Chiangmai Highlands and Alpine aside, other golf courses worth playing include Summit Green Valley, Gassan Legacy and North Hill. Summit Green Valley is just 20 minutes’ drive from downtown Chiang Mai and offers a parkland-style layout crafted by Denis Griffiths, who also designed the highly-rated Thai Country Club in Bangkok. Dating back to 1990, the 18-hole layout has an old-school feel to it with mature trees lining the fairways and upturned, saucer-like greens.
Once the walled capital of the 13th century Lanna Kingdom, Chiang Mai is a picturesque city with restored remnants of the ancient wall forming a perfect square on the west side of the Ping River. A half-day trip to the famed hilltop Doi Suthep temple and nearby Hmong hill tribe village is a must, while pachyderm lovers might want to pay a visit to one of the area’s many elephant camps.
The main gripe most golfers have about Chiang Mai is the perceived lack of nightlife compared to the likes of Pattaya and Phuket. In actual fact, Chiang Mai’s post-sundown fun has always been there and the city centre has evolved organically to form some nice nightlife districts such as Nimmanhaemin (Nimman for short) Road.
Like most Thai cities, Chiang Mai is a shopping haven. The city’s night bazaar seems endless, stretching more than a kilometre along Chang Khlan Road and branching out into the side sois (streets). The three-storey Warorot Market along the banks of the Ping is just the place to get those famous Chiang Mai cashew nuts and dried longan, along with other tasty local treats.
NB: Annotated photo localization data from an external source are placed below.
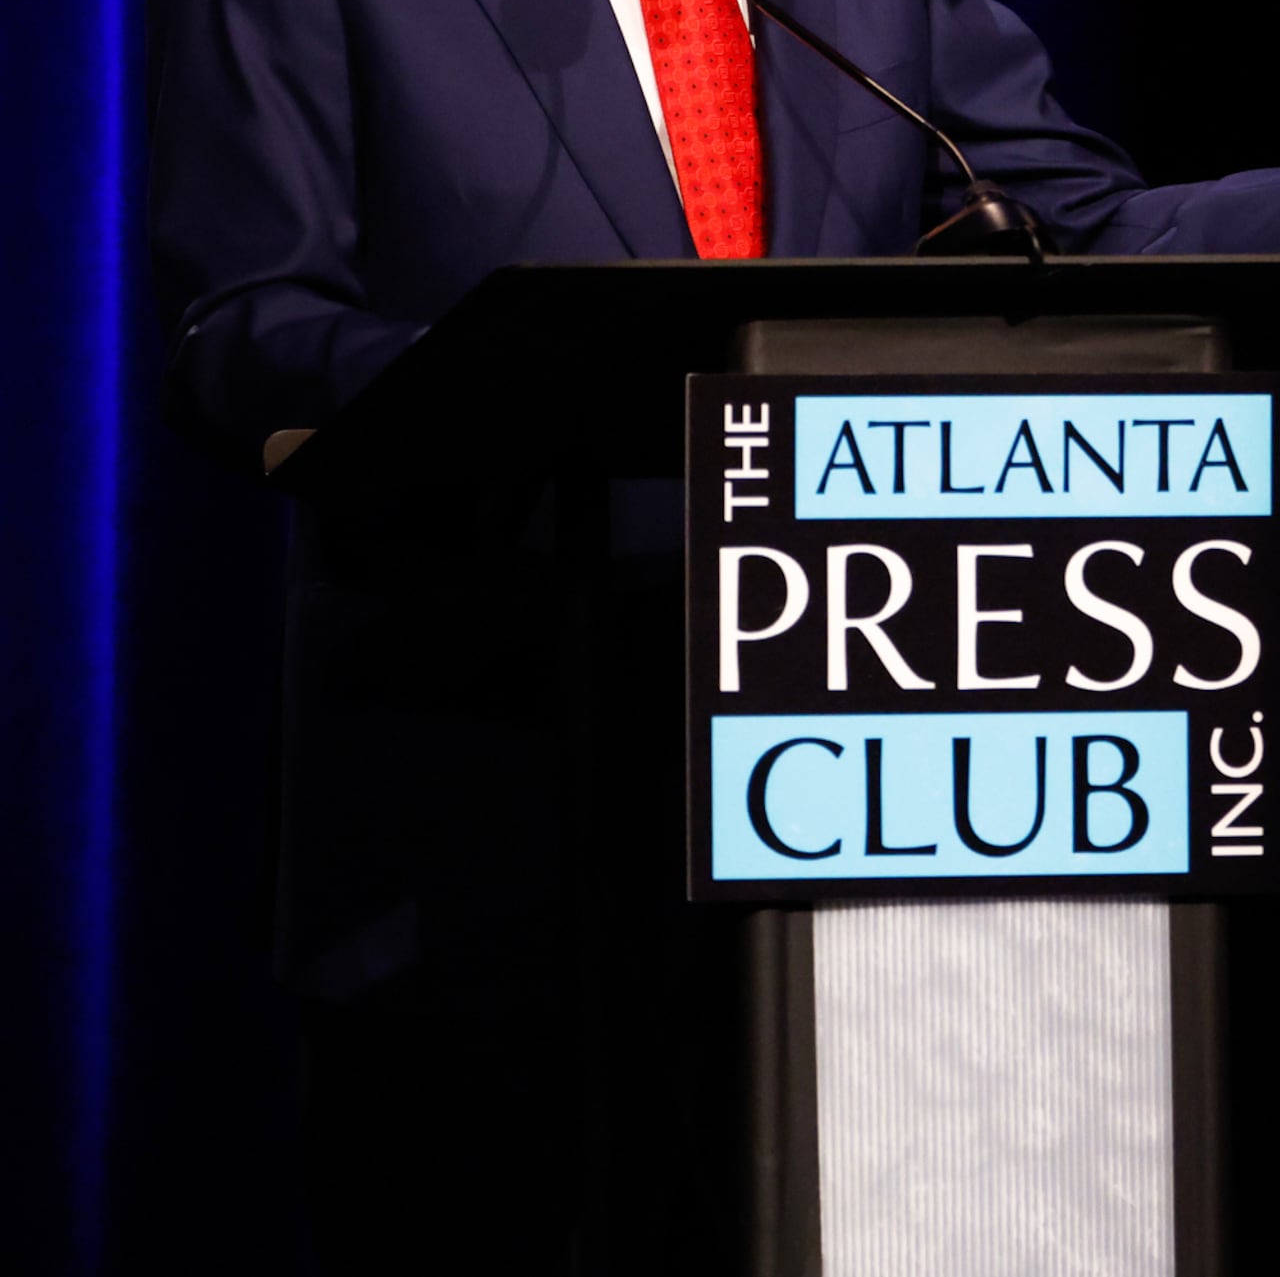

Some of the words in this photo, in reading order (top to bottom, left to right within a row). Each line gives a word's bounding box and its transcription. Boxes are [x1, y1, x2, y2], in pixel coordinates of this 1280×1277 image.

[725, 403, 769, 521] THE
[817, 418, 1248, 494] ATLANTA
[720, 540, 1260, 691] PRESS
[747, 735, 1149, 860] CLUB
[1211, 712, 1263, 855] INC.
The best time for a golfing trip to Chiang Mai is December through March, although it can get busy then due to the annual winter influx of Chinese, Korean and Japanese golfers. April, May and June are the hottest months and July to September is the wettest period, while October and November are nice ‘in-between times’ before the large winter crowds arrive.
Air Asia offers two daily flights to Chiang Mai, with flight time taking just under three hours. The early morning flight departs klia2 at 6.55am, which allows golfers ample time to get in a round upon arrival.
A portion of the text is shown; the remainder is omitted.